Why?

Monday, April 13, 2015



If you have been following my blog, you will know that I have done a few posts on Sio Bak, Siew Yoke or Cantonese Roast Pork.

I have even claimed that I have perfected the techniques.

Not quite.

  • There has been times when the skin won't crisped. This is especially so when I have pricked the skin, using some forks. 
  • There has been times when I decided not to prick the skin. The skin was crisped, but only partially. The inner skin can be chewy.
I have always wondered: why do you need to prick the skin? Maybe I have missed something in googling cooking sites but I have never found the answer.

So, when someone who worked in a popular Cantonese restaurant chain explained to me why recently, I was all ears. As I have said before, I am a keen learner.

He said that the skin need to be pricked to ensure that the skin is crisped throughout, from the top to the bottom. This way, the skin won't "chi ngah" (he was speaking Cantonese, what else?) i.e. parts of it won't be stuck to your teeth. You need to prick the skin lightly so that heat can reach the bottom layer of the skin. This way, when you bite through it is a crispy crunch all the way through the skin.

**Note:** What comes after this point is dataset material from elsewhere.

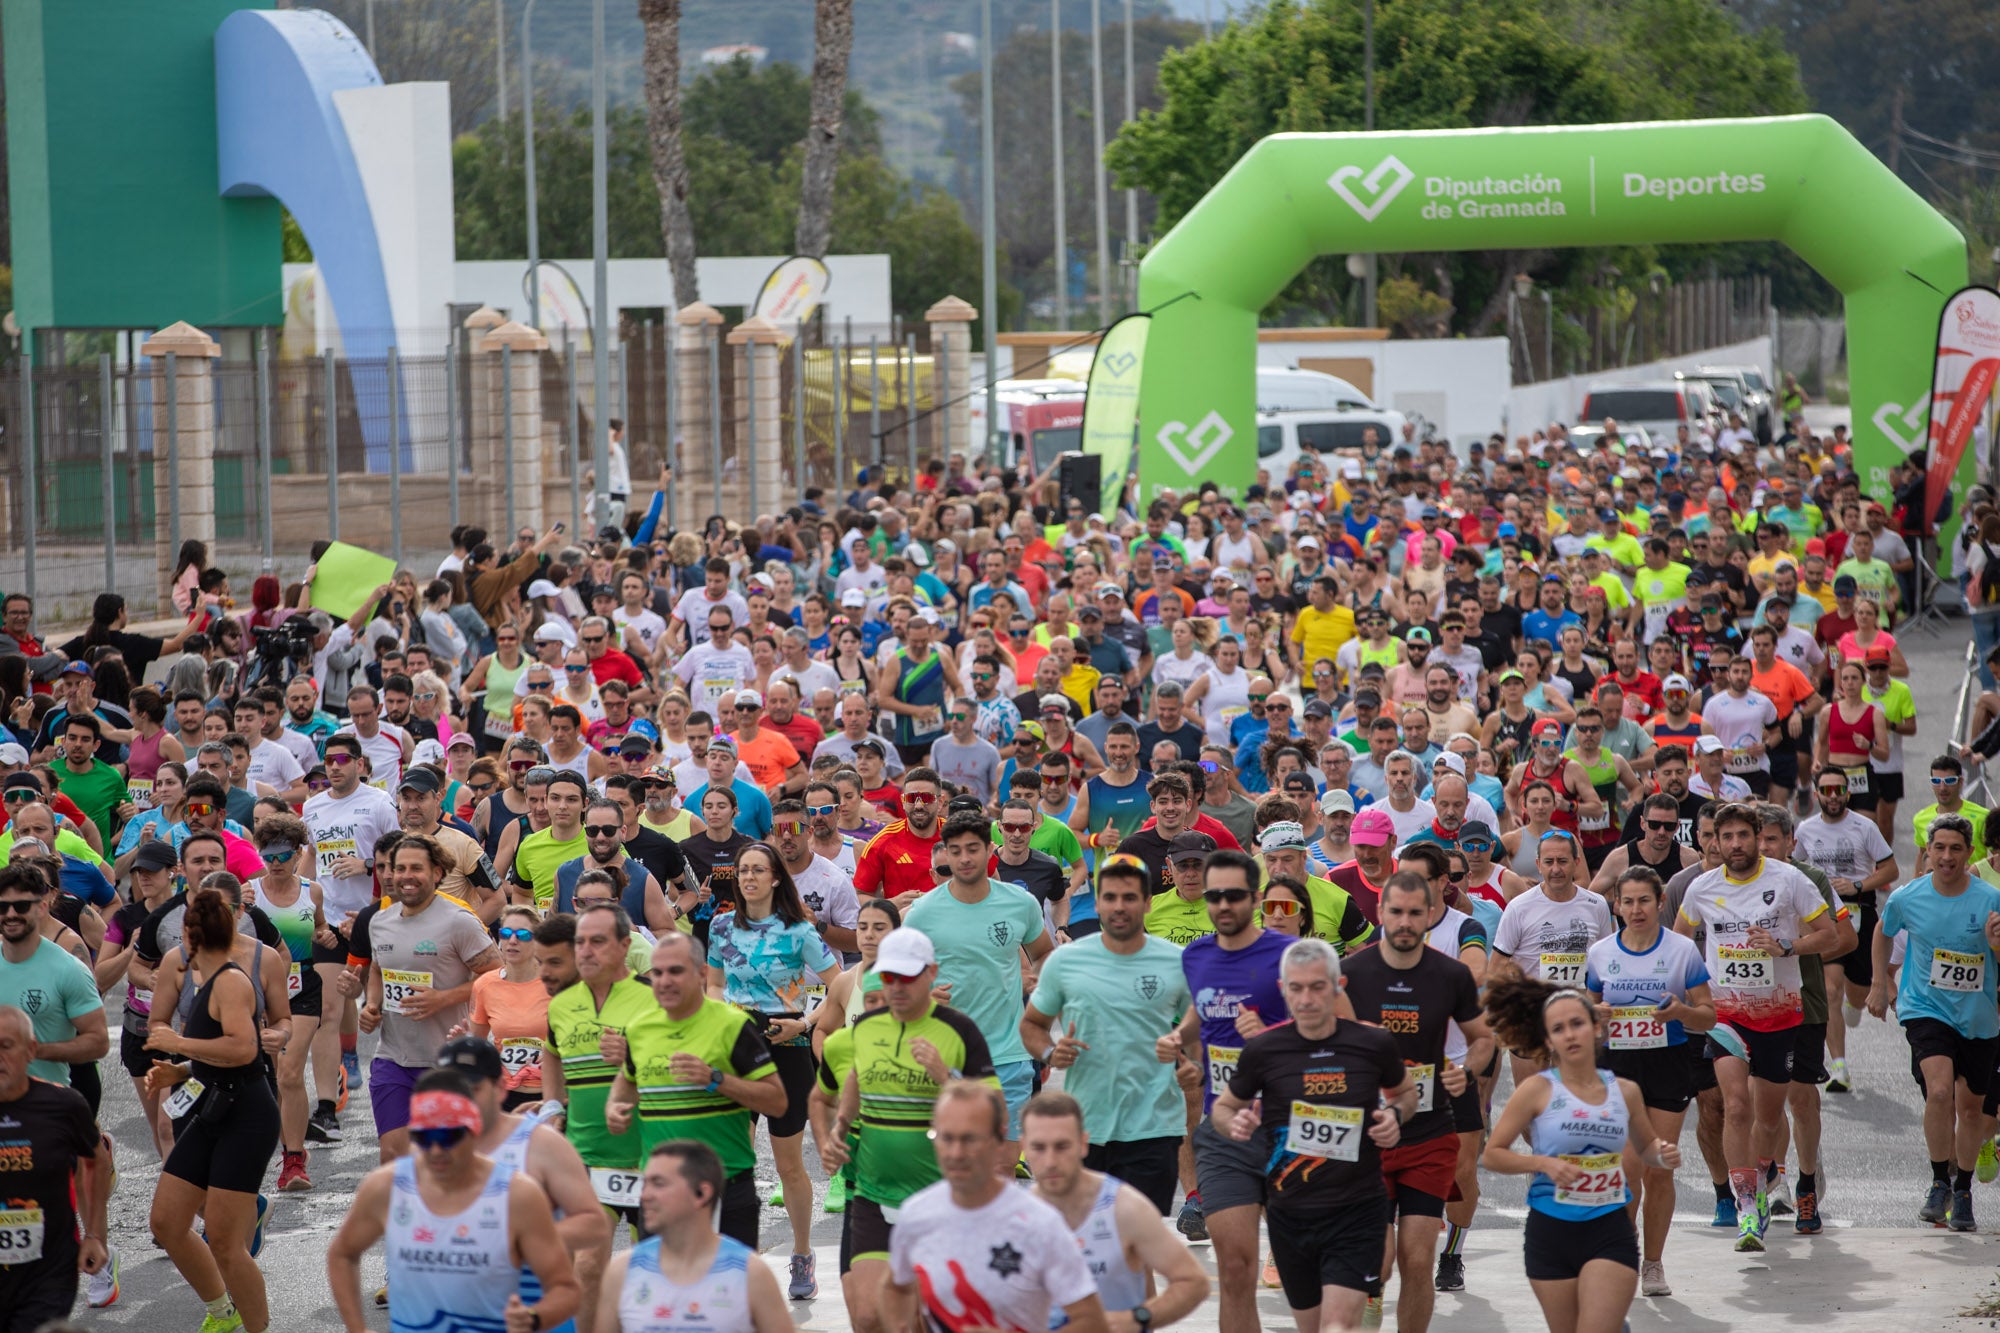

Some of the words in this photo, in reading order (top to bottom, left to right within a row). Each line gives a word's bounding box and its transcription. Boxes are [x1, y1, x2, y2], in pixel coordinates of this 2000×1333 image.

But you must not prick through the skin into the fat layer below it, or else, the liquid from the fats will flood the skins, making it difficult to crisp.  

It was an important piece of the puzzle and as I look back, I now understand why some batches did not turn out right.

And using any sharp instrument won't do. And so, I finally bought myself this nail thingy. I am not sure what to call it. It only cost $3.

I hope you find this tip helpful.

If you are using the Sous Vide method, the skin will be cooked and it is easy to prick it before you oven it. If you are using the conventional all-oven method, blanch the skin first before you prick. Or, you can prick it half way through the roasting.

Have fun, *crunch* and enjoy. Sio Bak is indeed one of our culinary wonders.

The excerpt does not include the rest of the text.